CMS official provides a road map to the near future. Don't Look for the FBI Behind DAVE 2
You're going to have your plate full keeping up with the Centers for Medicare & Medicaid Services' slate of changes in the MDS and payment arenas.
Here's what to expect in the coming months, according to CMS' Sheila Lambowitz speaking at the American Association of Nurse Assessment Coordinators conference in Las Vegas in March.
• MDS 3.0. CMS and its contractors are cross-walking MDS items to standardized electronic health record vocabularies, which will allow nursing homes to populate the MDS 3.0 form with information from a resident's e-record. As a next step, CMS plans to test the MDS in 90 nursing homes in eight yet-unselected states to ensure the new MDS items are "valid for use in operational form," Lambowitz explained. CMS will also validate the MDS items driving payment. The agency expects final recommendations for the MDS 3.0 will be ready in December 2007.

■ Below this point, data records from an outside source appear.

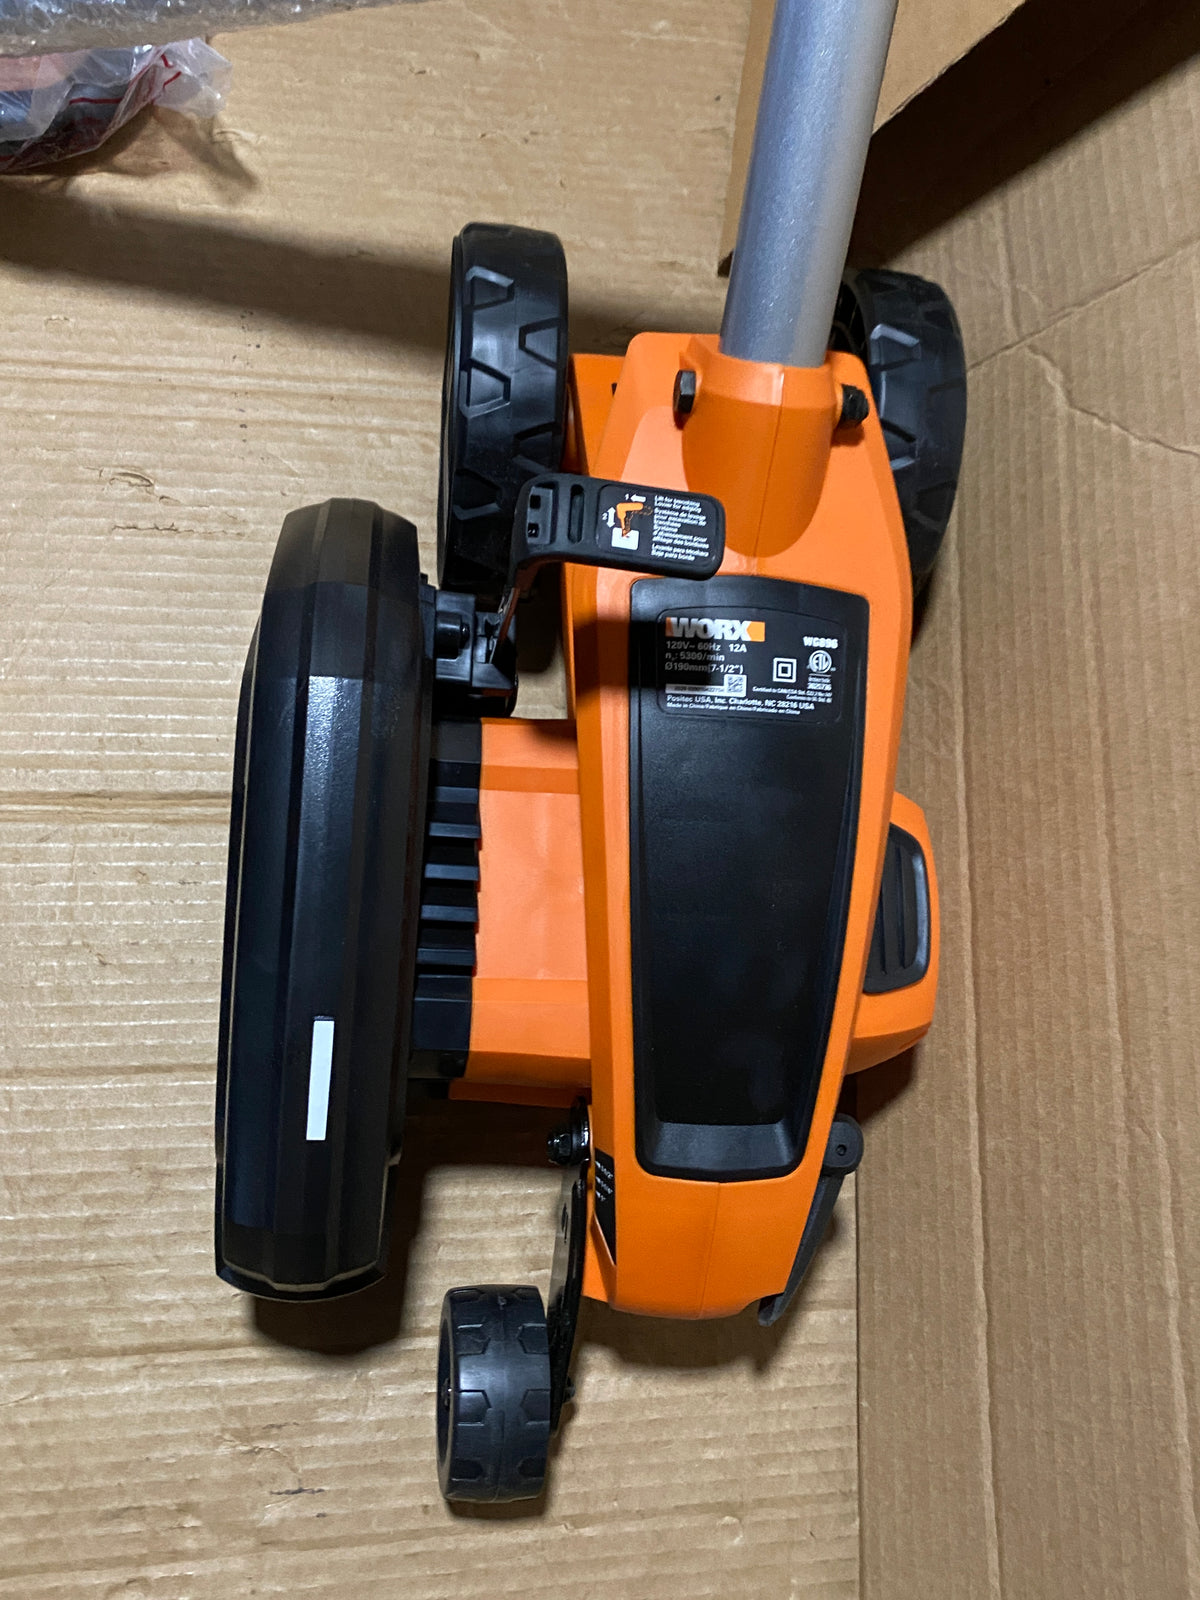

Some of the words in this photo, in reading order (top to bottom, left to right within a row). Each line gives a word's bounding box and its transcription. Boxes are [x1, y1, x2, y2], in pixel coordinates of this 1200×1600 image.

[602, 512, 608, 520] 2
[670, 617, 752, 641] WORX
[697, 642, 721, 651] 60Hz
[729, 643, 747, 653] 12A
[799, 702, 815, 710] USA

• Quality-based purchasing. Under the guidance of the Long-Term Care Task Force, CMS is working on a design for a three-year SNF demonstration to vet quality-based purchasing (formerly known as pay-for-performance). CMS and its contractor for the demo, Abt Associates, have identified measures to identify quality in nursing homes: staffing, rehospitalization, MDS-based quality measures and survey outcomes. CMS expects to unveil the demo design at a public meeting later this spring. Once CMS nails down how to score the measures, the agency can determine how to pay top-performing facilities in the top 10 percentile, said Lambowitz. "There may be an incentive for those in the next 10 percentile and possibly" for facilities that improve.

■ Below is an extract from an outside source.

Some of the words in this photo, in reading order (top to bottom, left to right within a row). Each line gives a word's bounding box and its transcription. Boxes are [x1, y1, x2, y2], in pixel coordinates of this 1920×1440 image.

The new DAVE will conduct targeted surveys focused on MDS accuracy. Reviewers will do on-site reviews starting in April, visiting 30 nursing facilities quarterly around the country.
The purpose of the initiative is to figure out which parts of the MDS are causing the most confusion. It's "not to come arrest you" but rather to develop training programs to make the instrument "as accurate and reliable as possible," said Lambowitz. CMS believes training is the best way to improve MDS accuracy--rather than conducting "raids by CSI Baltimore," Lambowitz reassured. Under the initial DAVE project, which ended last year, "people seemed to believe that if they were subject to a DAVE record review, the FBI would be right behind," Lambowitz noted.
Good question: Will the new DAVE reviewers report their findings to the fiscal intermediary or survey agency? DAVE will report indication of fraud or "very severe quality problems," said Lambowitz. "But in general, the DAVE on-site reviews aren't intended to be punitive."